[Saved entries]

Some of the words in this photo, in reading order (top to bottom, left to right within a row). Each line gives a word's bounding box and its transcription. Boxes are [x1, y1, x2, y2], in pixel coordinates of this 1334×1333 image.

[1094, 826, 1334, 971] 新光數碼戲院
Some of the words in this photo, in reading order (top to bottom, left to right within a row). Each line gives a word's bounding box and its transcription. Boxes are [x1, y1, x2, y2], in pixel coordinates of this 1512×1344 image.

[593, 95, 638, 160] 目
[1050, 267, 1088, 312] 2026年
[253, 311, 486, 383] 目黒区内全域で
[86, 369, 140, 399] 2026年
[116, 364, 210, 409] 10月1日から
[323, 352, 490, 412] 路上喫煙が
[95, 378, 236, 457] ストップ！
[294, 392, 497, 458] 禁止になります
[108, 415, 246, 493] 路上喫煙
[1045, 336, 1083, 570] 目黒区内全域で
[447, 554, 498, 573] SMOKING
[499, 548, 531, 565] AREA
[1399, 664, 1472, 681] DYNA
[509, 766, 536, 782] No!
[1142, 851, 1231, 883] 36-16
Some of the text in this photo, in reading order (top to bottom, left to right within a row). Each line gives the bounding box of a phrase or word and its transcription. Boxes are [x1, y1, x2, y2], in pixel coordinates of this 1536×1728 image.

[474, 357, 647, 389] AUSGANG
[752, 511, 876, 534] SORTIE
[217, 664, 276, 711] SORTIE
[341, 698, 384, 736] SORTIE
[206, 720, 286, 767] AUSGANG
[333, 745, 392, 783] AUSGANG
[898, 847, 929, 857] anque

EXERCISE REQUIREMENTS: Write out, word for word, the line containing "Some of the text" and every line after it to the end of the data above.

ANSWER SECTION:
Some of the text in this photo, in reading order (top to bottom, left to right within a row). Each line gives the bounding box of a phrase or word and its transcription. Boxes are [x1, y1, x2, y2], in pixel coordinates of this 1536×1728 image.

[474, 357, 647, 389] AUSGANG
[752, 511, 876, 534] SORTIE
[217, 664, 276, 711] SORTIE
[341, 698, 384, 736] SORTIE
[206, 720, 286, 767] AUSGANG
[333, 745, 392, 783] AUSGANG
[898, 847, 929, 857] anque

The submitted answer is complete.